Please give a reason - why you think its contentious? Its the New York Times and daily mail against..? He received honors I guess for being an important opposition member, which might be "healthy pluralism" and activist against corruption. But there are also has nationalistic tendencies and in wikipedia we need to stick to the complete picture..

I will include the section as sub chapter of activism to avoid the Russian March being mentioned a second time. If you have reasons to moderate/modify the national tendencies do so. But, please discuss before you take out correct, quoted and in relevant (according to NYT and this article in other languages) information completely. --Saimondo (talk) 12:47, 19 July 2013 (UTC)


Hi User:Saimondo, The Daily Mail is a borderline RS as best, for more information about it see the previous discussions of it at WP:RS/N. In this particular instance, the article, despite being filed under news on their web site, is clearly an opinion piece which makes is inadmissible for sourcing controversial statements in BLPs. If this statement is true and notable, surely it is covered in a RS somewhere. The last two sentences are already in the article -- I simply moved them to another section where they fit better. (PS: I very nearly missed this, if you want to make sure I or any other user catches a post mentioning them on a talk page you can write their name as [[User:a13ean]] and it will give them a notification.) a13ean (talk) 18:33, 19 July 2013 (UTC)
Update: I have no complains about the new NYT source, although the daily mail link is then superfluous. The current position is awkward, and it should be better worked into the article. a13ean (talk) 18:36, 19 July 2013 (UTC)
Hi a13ean , I just didn´t want the NYT Article be quoted 2 times, because I think there still is no automated handling of cross references, and that caused complaints in the past.. I background checked before, that daily mail is rather right wing, rather tabloit than "quality" newspaper, and I see your point in this being an opinion article. But I thought, using it to purely cite a fact rather than a position/perspective/rating would still be ok.
Maybe it would be less awkward if we make 2 subsections of the activism chapter,
==== activism against corruption ==== and === nationalistic activism /nationalistic tendencies === . It would structurize it and still enables a overview, which is in my opinion not given with that big chunk of text alone.. I plan to do that in the next time - what do you think about that?
I found more interesting articles about his positions.

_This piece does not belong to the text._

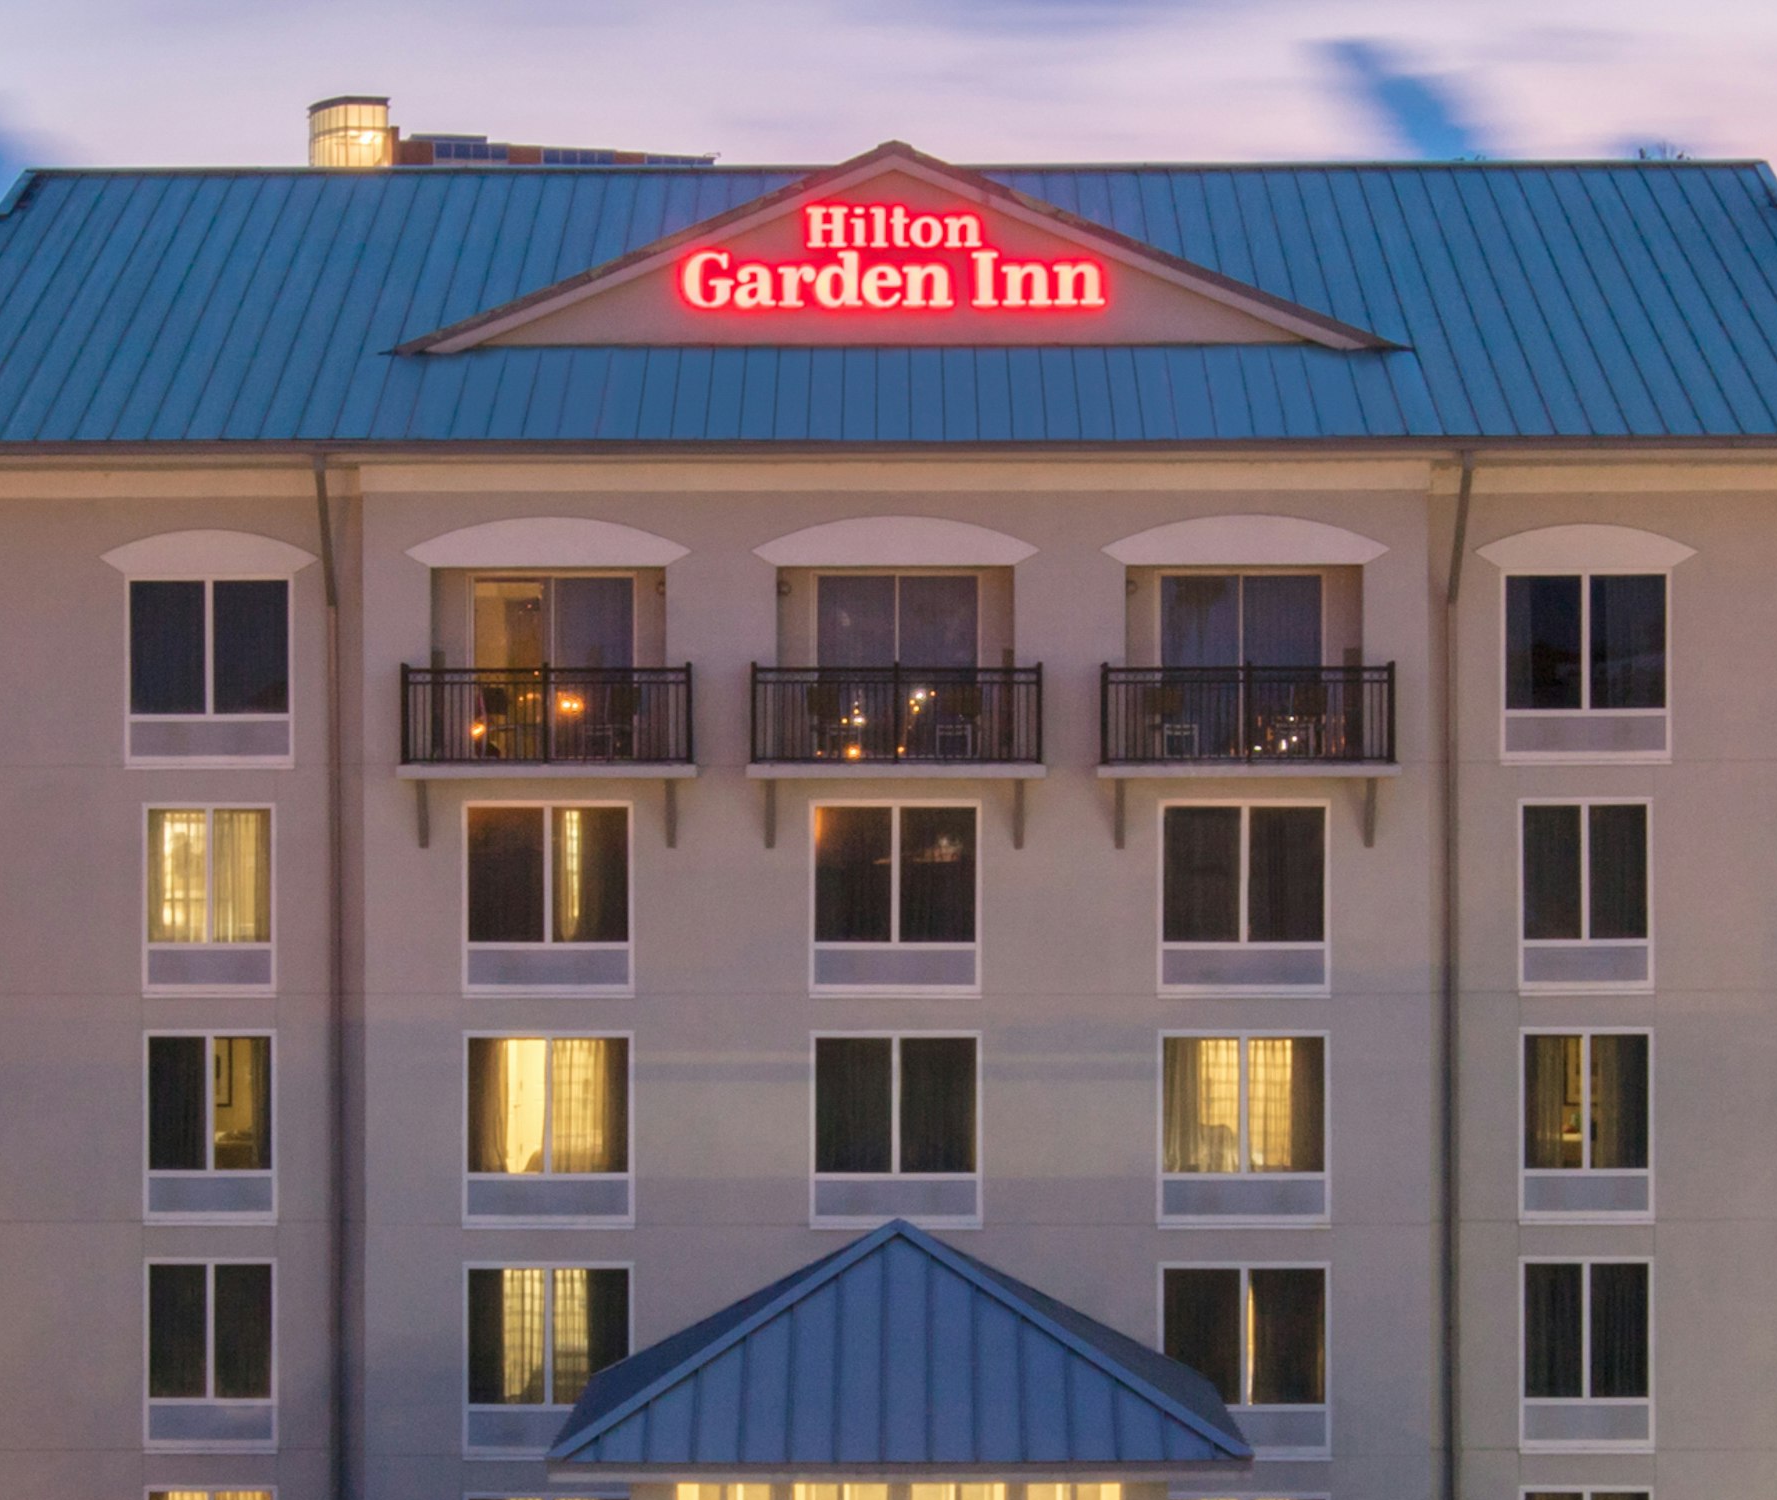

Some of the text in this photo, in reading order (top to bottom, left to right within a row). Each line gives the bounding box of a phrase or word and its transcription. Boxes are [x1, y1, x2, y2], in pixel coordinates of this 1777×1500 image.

[806, 206, 982, 248] Hilton
[683, 251, 1105, 308] Garden Inn

I would mention that it is somewhat in debate whether Navalnys nationalists tendencies are rather populist strategy or real convince, quoting the Jounal of democracy article :
Further Article: Navalny calls himself a “nationalist democrat.” His stands against corruption and authoritarianism, and in defense of ethnic Russians, tap a deeply popular root here among people who are mistrustful of the Western-oriented liberal old guard. http://articles.washingtonpost.com/2011-12-06/world/35286895_1_alexei-navalny-russian-alexei-venediktov If everybody is ok with it, I will include some of the above facts.--Saimondo (talk) 09:47, 5 August 2013 (UTC)
I added aspects that I think are founded by quality sources, since I think no one would have complaints against more points of views. I think using the telegraph blog article as a source that a debate about Navalnys positions take place would be ok. But since it´s quality/objectivity might be challenged, I leave it to others to include it, if desired.--Saimondo (talk) 17:31, 5 August 2013 (UTC)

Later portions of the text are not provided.